How to Go Mad Without Losing Your Mind
- Author: La Marr Jurelle Bruce
- Publisher: Duke University Press
- Publication date: June 2021
- ISBN: 978-1-4780-1087-6

= How to Go Mad Without Losing Your Mind =

2021 book by La Marr Jurelle Bruce

How to Go Mad Without Losing Your Mind: Madness and Black Creativity is a 2021 book by La Marr Jurelle Bruce. It addresses the intersections of madness and black creativity from a contemporary perspective, exploring the nuance in practice by several acclaimed and enigmatic artists, especially in jazz, hip hop, and theatre.

== Synopsis ==
The book begins with describing madness as a state of mind and of body, and strives to elucidate a spatial dimension of historical complexity in order to explore the inconspicuous side of creativity. The succeeding chapters highlight the artistic contributions of artists like Buddy Bolden (the fabled founder of jazz), Lauryn Hill, Dave Chappelle, and Eddie Murphy. Bruce provides a holistic and critical analysis of media sponsored claims of lunacy in regards to each artist, and articulates varied metaphorical ideas for more concrete expression. The book reveals madness as a species of suffering, through the context of the psychological plight of African Americans during the Plantocracy era. It attempts to prove that the subsequent political climate of the American postcolonial nation-state procured such emotional turbulence as to foster the cognitive realms that pioneered the contemporary creative industry.

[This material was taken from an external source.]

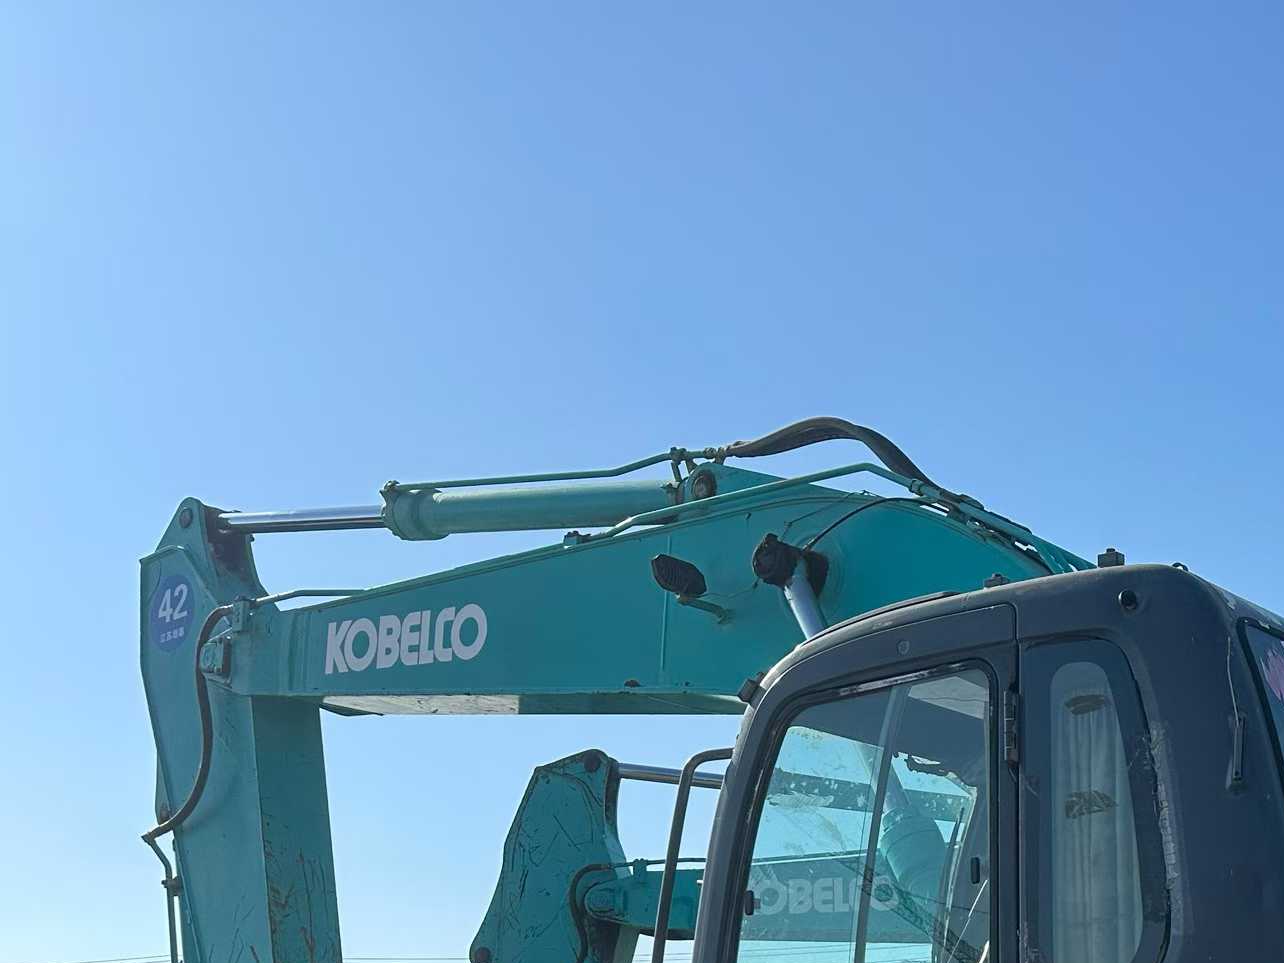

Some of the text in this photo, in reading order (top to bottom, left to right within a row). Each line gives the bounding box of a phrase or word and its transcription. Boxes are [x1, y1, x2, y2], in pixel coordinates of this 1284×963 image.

He describes madness as phenomenal, medicalized, psychosocial, and enveloped within the emotion of rage. The book focuses on African American temporality as a specific realm of American consciousness and highlights mad creativity within media culture. He presents a psychological framework to navigate the existence of 'mad time', 'melancholic time' and 'jubilant time' within the American subaltern reality.

== Author ==
La Marr Jurelle Bruce is an interdisciplinary humanities scholar from the Bronx, New York. He received his B.A. in African American Studies and English and Comparative Literature from Columbia University and his Ph.D. in African American Studies and American Studies from Yale University in 2013. He is an associate professor of American Studies at the University of Maryland, College Park.

Bruce is most known for his idea of interlapping definitions of madness and is considered a key contributor to Mad Studies and "mad methodology", which "recognizes mad persons as critical theorists and decisive protagonists in struggles for liberation".

== Development and publication ==
The author first gained recognition for his essay entitled "The People Inside My Head, Too’: Madness, Black Womanhood, and the Radical Performance of Lauryn Hill", for which the African American Review awarded Bruce with the Joe Weixlmann Award for Best Essay Representing Twentieth- and Twenty-First-Century African-American or Pan-African Literature and Culture. This essay provides a critical discourse on Lauryn Hill's live album, MTV Unplugged No. 2.0 and the renowned record, I Gotta Find Peace of Mind. The essay articulates an initial interest in perceived madness and the media. The research present in the essay takes up a substantial portion of How to Go Mad Without Losing Your Mind: Madness and Black Radical Creativity.

== Reception ==
How To Go Mad Without Losing Your Mind won the 2022 Modern Language Association Prize for a First Book and the Nicolás Cristóbal Guillén Batista Outstanding Book Award from the Caribbean Philosophical Association.